> WORK TO COMPLETE: Reproduce all of the listing below without alteration.

> LISTED RECORDS:
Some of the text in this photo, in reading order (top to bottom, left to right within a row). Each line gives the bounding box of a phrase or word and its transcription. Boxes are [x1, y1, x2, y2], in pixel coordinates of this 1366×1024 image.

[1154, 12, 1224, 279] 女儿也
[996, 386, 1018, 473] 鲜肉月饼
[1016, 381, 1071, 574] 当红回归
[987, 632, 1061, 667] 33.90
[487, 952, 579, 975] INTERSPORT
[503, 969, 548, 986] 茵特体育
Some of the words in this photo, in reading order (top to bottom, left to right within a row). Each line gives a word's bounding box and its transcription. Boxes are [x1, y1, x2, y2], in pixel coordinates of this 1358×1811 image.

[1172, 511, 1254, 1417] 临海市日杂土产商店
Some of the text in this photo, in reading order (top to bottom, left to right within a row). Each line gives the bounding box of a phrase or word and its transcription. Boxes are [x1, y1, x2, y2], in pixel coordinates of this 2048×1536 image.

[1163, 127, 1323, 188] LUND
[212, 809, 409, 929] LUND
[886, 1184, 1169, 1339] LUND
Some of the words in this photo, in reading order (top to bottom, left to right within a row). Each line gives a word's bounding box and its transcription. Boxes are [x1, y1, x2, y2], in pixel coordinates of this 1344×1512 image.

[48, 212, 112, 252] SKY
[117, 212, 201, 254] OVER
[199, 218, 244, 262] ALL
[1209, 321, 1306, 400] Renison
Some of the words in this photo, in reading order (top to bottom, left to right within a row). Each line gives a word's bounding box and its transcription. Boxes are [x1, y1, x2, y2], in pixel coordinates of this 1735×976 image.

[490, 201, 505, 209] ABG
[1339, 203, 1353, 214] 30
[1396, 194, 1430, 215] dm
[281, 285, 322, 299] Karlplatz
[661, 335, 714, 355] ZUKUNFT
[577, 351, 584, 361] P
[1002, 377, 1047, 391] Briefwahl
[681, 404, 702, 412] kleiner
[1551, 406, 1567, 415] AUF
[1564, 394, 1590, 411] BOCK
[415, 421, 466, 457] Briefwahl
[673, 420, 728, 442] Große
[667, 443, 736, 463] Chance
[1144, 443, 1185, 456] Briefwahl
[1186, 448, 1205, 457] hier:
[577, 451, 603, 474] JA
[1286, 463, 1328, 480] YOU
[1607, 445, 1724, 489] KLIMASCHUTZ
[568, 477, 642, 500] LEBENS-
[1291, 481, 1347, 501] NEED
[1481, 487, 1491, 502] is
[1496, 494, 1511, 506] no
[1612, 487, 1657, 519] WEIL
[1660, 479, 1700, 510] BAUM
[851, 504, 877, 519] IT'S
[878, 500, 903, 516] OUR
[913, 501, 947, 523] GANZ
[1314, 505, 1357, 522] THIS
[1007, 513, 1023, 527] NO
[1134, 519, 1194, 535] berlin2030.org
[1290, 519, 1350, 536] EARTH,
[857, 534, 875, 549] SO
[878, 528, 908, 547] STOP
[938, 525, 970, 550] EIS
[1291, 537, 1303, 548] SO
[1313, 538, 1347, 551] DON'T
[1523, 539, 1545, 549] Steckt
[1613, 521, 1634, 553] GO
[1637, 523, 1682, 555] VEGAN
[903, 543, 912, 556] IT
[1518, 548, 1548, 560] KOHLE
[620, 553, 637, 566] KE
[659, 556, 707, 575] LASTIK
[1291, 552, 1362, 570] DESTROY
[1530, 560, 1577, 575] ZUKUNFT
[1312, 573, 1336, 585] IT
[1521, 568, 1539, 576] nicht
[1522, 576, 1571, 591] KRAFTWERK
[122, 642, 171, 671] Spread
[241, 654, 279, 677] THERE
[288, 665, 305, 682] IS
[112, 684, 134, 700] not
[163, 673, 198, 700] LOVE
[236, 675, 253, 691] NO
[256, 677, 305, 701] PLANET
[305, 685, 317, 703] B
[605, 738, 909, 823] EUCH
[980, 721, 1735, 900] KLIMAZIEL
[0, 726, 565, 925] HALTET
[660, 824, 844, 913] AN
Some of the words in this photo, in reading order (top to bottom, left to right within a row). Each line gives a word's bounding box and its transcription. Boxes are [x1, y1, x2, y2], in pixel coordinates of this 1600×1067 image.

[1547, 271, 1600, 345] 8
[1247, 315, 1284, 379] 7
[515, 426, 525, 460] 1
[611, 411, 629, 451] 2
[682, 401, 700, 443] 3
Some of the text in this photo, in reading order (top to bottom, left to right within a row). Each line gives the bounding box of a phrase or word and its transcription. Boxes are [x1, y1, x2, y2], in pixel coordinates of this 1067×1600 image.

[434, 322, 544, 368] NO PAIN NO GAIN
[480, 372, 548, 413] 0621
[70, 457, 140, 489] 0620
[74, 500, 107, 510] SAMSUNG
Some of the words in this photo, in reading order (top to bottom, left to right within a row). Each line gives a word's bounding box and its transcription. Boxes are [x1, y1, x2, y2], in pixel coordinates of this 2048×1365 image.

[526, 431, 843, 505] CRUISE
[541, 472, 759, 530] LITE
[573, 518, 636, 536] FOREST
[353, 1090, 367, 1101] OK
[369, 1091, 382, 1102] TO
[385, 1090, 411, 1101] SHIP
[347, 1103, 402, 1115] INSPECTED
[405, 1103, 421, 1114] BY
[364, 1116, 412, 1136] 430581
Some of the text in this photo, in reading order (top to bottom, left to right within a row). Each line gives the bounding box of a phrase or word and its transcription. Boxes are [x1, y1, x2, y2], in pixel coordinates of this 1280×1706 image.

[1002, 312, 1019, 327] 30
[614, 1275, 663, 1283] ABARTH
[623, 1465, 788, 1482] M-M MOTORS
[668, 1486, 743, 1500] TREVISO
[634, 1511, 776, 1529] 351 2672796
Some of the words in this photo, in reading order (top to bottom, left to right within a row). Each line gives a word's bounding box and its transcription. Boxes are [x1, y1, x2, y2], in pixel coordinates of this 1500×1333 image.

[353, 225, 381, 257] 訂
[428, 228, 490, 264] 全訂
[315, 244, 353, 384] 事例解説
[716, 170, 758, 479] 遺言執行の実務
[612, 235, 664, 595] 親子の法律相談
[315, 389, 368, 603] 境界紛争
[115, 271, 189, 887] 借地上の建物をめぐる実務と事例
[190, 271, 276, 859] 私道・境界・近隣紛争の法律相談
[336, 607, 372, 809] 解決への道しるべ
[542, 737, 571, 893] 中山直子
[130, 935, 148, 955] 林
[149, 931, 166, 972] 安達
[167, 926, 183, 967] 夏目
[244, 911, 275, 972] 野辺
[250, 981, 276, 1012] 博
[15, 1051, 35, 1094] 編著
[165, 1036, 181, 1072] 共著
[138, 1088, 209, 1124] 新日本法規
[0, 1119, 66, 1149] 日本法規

> ANSWER TO THIS EXERCISE:
Some of the text in this photo, in reading order (top to bottom, left to right within a row). Each line gives the bounding box of a phrase or word and its transcription. Boxes are [x1, y1, x2, y2], in pixel coordinates of this 1366×1024 image.

[1154, 12, 1224, 279] 女儿也
[996, 386, 1018, 473] 鲜肉月饼
[1016, 381, 1071, 574] 当红回归
[987, 632, 1061, 667] 33.90
[487, 952, 579, 975] INTERSPORT
[503, 969, 548, 986] 茵特体育
Some of the words in this photo, in reading order (top to bottom, left to right within a row). Each line gives a word's bounding box and its transcription. Boxes are [x1, y1, x2, y2], in pixel coordinates of this 1358×1811 image.

[1172, 511, 1254, 1417] 临海市日杂土产商店
Some of the text in this photo, in reading order (top to bottom, left to right within a row). Each line gives the bounding box of a phrase or word and its transcription. Boxes are [x1, y1, x2, y2], in pixel coordinates of this 2048×1536 image.

[1163, 127, 1323, 188] LUND
[212, 809, 409, 929] LUND
[886, 1184, 1169, 1339] LUND
Some of the words in this photo, in reading order (top to bottom, left to right within a row). Each line gives a word's bounding box and its transcription. Boxes are [x1, y1, x2, y2], in pixel coordinates of this 1344×1512 image.

[48, 212, 112, 252] SKY
[117, 212, 201, 254] OVER
[199, 218, 244, 262] ALL
[1209, 321, 1306, 400] Renison
Some of the words in this photo, in reading order (top to bottom, left to right within a row). Each line gives a word's bounding box and its transcription. Boxes are [x1, y1, x2, y2], in pixel coordinates of this 1735×976 image.

[490, 201, 505, 209] ABG
[1339, 203, 1353, 214] 30
[1396, 194, 1430, 215] dm
[281, 285, 322, 299] Karlplatz
[661, 335, 714, 355] ZUKUNFT
[577, 351, 584, 361] P
[1002, 377, 1047, 391] Briefwahl
[681, 404, 702, 412] kleiner
[1551, 406, 1567, 415] AUF
[1564, 394, 1590, 411] BOCK
[415, 421, 466, 457] Briefwahl
[673, 420, 728, 442] Große
[667, 443, 736, 463] Chance
[1144, 443, 1185, 456] Briefwahl
[1186, 448, 1205, 457] hier:
[577, 451, 603, 474] JA
[1286, 463, 1328, 480] YOU
[1607, 445, 1724, 489] KLIMASCHUTZ
[568, 477, 642, 500] LEBENS-
[1291, 481, 1347, 501] NEED
[1481, 487, 1491, 502] is
[1496, 494, 1511, 506] no
[1612, 487, 1657, 519] WEIL
[1660, 479, 1700, 510] BAUM
[851, 504, 877, 519] IT'S
[878, 500, 903, 516] OUR
[913, 501, 947, 523] GANZ
[1314, 505, 1357, 522] THIS
[1007, 513, 1023, 527] NO
[1134, 519, 1194, 535] berlin2030.org
[1290, 519, 1350, 536] EARTH,
[857, 534, 875, 549] SO
[878, 528, 908, 547] STOP
[938, 525, 970, 550] EIS
[1291, 537, 1303, 548] SO
[1313, 538, 1347, 551] DON'T
[1523, 539, 1545, 549] Steckt
[1613, 521, 1634, 553] GO
[1637, 523, 1682, 555] VEGAN
[903, 543, 912, 556] IT
[1518, 548, 1548, 560] KOHLE
[620, 553, 637, 566] KE
[659, 556, 707, 575] LASTIK
[1291, 552, 1362, 570] DESTROY
[1530, 560, 1577, 575] ZUKUNFT
[1312, 573, 1336, 585] IT
[1521, 568, 1539, 576] nicht
[1522, 576, 1571, 591] KRAFTWERK
[122, 642, 171, 671] Spread
[241, 654, 279, 677] THERE
[288, 665, 305, 682] IS
[112, 684, 134, 700] not
[163, 673, 198, 700] LOVE
[236, 675, 253, 691] NO
[256, 677, 305, 701] PLANET
[305, 685, 317, 703] B
[605, 738, 909, 823] EUCH
[980, 721, 1735, 900] KLIMAZIEL
[0, 726, 565, 925] HALTET
[660, 824, 844, 913] AN
Some of the words in this photo, in reading order (top to bottom, left to right within a row). Each line gives a word's bounding box and its transcription. Boxes are [x1, y1, x2, y2], in pixel coordinates of this 1600×1067 image.

[1547, 271, 1600, 345] 8
[1247, 315, 1284, 379] 7
[515, 426, 525, 460] 1
[611, 411, 629, 451] 2
[682, 401, 700, 443] 3
Some of the text in this photo, in reading order (top to bottom, left to right within a row). Each line gives the bounding box of a phrase or word and its transcription. Boxes are [x1, y1, x2, y2], in pixel coordinates of this 1067×1600 image.

[434, 322, 544, 368] NO PAIN NO GAIN
[480, 372, 548, 413] 0621
[70, 457, 140, 489] 0620
[74, 500, 107, 510] SAMSUNG
Some of the words in this photo, in reading order (top to bottom, left to right within a row). Each line gives a word's bounding box and its transcription. Boxes are [x1, y1, x2, y2], in pixel coordinates of this 2048×1365 image.

[526, 431, 843, 505] CRUISE
[541, 472, 759, 530] LITE
[573, 518, 636, 536] FOREST
[353, 1090, 367, 1101] OK
[369, 1091, 382, 1102] TO
[385, 1090, 411, 1101] SHIP
[347, 1103, 402, 1115] INSPECTED
[405, 1103, 421, 1114] BY
[364, 1116, 412, 1136] 430581
Some of the text in this photo, in reading order (top to bottom, left to right within a row). Each line gives the bounding box of a phrase or word and its transcription. Boxes are [x1, y1, x2, y2], in pixel coordinates of this 1280×1706 image.

[1002, 312, 1019, 327] 30
[614, 1275, 663, 1283] ABARTH
[623, 1465, 788, 1482] M-M MOTORS
[668, 1486, 743, 1500] TREVISO
[634, 1511, 776, 1529] 351 2672796
Some of the words in this photo, in reading order (top to bottom, left to right within a row). Each line gives a word's bounding box and its transcription. Boxes are [x1, y1, x2, y2], in pixel coordinates of this 1500×1333 image.

[353, 225, 381, 257] 訂
[428, 228, 490, 264] 全訂
[315, 244, 353, 384] 事例解説
[716, 170, 758, 479] 遺言執行の実務
[612, 235, 664, 595] 親子の法律相談
[315, 389, 368, 603] 境界紛争
[115, 271, 189, 887] 借地上の建物をめぐる実務と事例
[190, 271, 276, 859] 私道・境界・近隣紛争の法律相談
[336, 607, 372, 809] 解決への道しるべ
[542, 737, 571, 893] 中山直子
[130, 935, 148, 955] 林
[149, 931, 166, 972] 安達
[167, 926, 183, 967] 夏目
[244, 911, 275, 972] 野辺
[250, 981, 276, 1012] 博
[15, 1051, 35, 1094] 編著
[165, 1036, 181, 1072] 共著
[138, 1088, 209, 1124] 新日本法規
[0, 1119, 66, 1149] 日本法規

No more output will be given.